3 Innate Immunity Flashcards
*Q: What percentage of leukocytes do neutrophil make? Life? Found? (2) Role?
A: 50-70% of leukocytes
Short-lived
Circulate in blood and migrate to tissues
First to be recruited to the site of tissue damage/infection
*Q: What are the characteristic features of a neutrophil? (4)
A: Multi-lobed nucleus
Primary Granules - sites of the enzymes that are going to kill the phagocytosed pathogen (stain darker than secondary)
Secondary Granules - predominantly involved in replenishing primary granules and regulate the toxins that are produced during the lysis of phagocytosed pathogens
The granules fuse with the vacuole to form a phagolysosome.
Q: How does a neutrophil move into tissues? 2 processes names? Steps. (4)
A: Diapedesis (movement of a cell across the endothelial layer) and Chemotaxis
Chemokines are released from the site of infection where there is damage which bind to the local endothelial layer
- Rolling- Neutrophils will roll along the surface with low affinity interactions (binding to selectin).
Integrin will be in the low-affinity state.

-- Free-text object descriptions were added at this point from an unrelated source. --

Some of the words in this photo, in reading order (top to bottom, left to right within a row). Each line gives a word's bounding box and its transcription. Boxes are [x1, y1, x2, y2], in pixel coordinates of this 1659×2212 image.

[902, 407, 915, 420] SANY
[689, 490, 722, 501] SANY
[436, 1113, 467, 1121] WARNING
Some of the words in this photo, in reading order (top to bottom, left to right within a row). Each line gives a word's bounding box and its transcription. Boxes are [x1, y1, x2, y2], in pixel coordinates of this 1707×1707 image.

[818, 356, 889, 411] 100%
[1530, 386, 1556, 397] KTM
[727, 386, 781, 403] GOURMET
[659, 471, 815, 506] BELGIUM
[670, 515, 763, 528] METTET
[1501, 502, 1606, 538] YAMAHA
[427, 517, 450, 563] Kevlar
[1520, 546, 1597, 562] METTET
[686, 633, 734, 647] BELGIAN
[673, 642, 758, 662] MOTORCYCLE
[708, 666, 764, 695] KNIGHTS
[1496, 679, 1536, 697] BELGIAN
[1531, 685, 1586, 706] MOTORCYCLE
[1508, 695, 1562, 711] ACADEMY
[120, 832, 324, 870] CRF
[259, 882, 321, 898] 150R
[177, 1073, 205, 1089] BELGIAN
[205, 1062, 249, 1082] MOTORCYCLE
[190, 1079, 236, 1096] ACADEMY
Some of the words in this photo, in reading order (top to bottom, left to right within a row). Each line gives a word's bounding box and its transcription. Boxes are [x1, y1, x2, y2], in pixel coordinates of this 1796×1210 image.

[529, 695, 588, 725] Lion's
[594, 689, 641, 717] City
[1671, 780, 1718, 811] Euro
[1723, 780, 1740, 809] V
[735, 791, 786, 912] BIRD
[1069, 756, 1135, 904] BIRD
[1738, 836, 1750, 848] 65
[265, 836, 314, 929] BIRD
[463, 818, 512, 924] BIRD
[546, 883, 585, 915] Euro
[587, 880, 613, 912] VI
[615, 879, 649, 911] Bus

- Integrin activation by chemokines - chemokine receptor on neutrophil binds to chemokine on endothelial surface and activates integrin converting it to the high-affinity state.
- Stable Adhesion - Integrin binds STRONGLY to the integrin ligand and the neutrophil is immobilised
- Cells migration into endothelium (tissue)- the cells then follow a chemokine gradient to figure out where to go - this is chemotaxis
Q: What are the 2 main types of opsonin?
A: bodies
Complement Proteins
Q: What is opsonisation?
A: coating of micro-organisms with proteins to facilitate phagocytosis
Opsonins act as adapter molecules which bind to the pathogen and link it to receptors present on the phagocyte
Q: How does complement help activate a neutrophil? (3)
A: Antibody binds to a receptor on the pathogen
Complement binds to the cell surface of the pathogen
The bound antibody and complement can then bind to the neutrophil and activate it.
(The neutrophil will engulf the bacterium and lyse it)
Q: What are 2 neutrophil killing mechanisms?
A: Oxygen-Independent: Generates a whole series of toxic metabolites - helps create optimal conditions for the enzymes to be able to kill the pathogens-
Enzymes
Lysozyme
Hydrolytic Enzymes
Antimicrobial Peptides (Defensins)
NEUTROPHIL EXTRACELLULAR TRAPS (NETs): When neutrophils become highly activated they release these nets that help trap extracellular bacteria and immobilise them. -> This helps other cells find these trapped bacteria
*Q: Compare macrophages and monocytes. Location? Size? Organelle? Phagocytic? Receptors?
A: Monocytes leave the circulation and differentiate into macrophages
Macrophages > Monocytes (in terms of size)
Macrophages have lysosomes and are phagocytic and They have pattern recognition receptors (PRR)
*Q: How do macrophages function? What does this do? Found?
A: signal infection by releasing soluble mediators (alarm cytokines)
This helps recruit other cells and activate subsequent adaptive immune responses
Dispersed throughout tissues
*Q: What are cytokines? (3) Life?
A: Small secreted proteins
Involved in cell-to-cell communication
Powerful biological effects at low concentrations
Short-lived
*Q: Name the 5 cytokine types. Include descriptions.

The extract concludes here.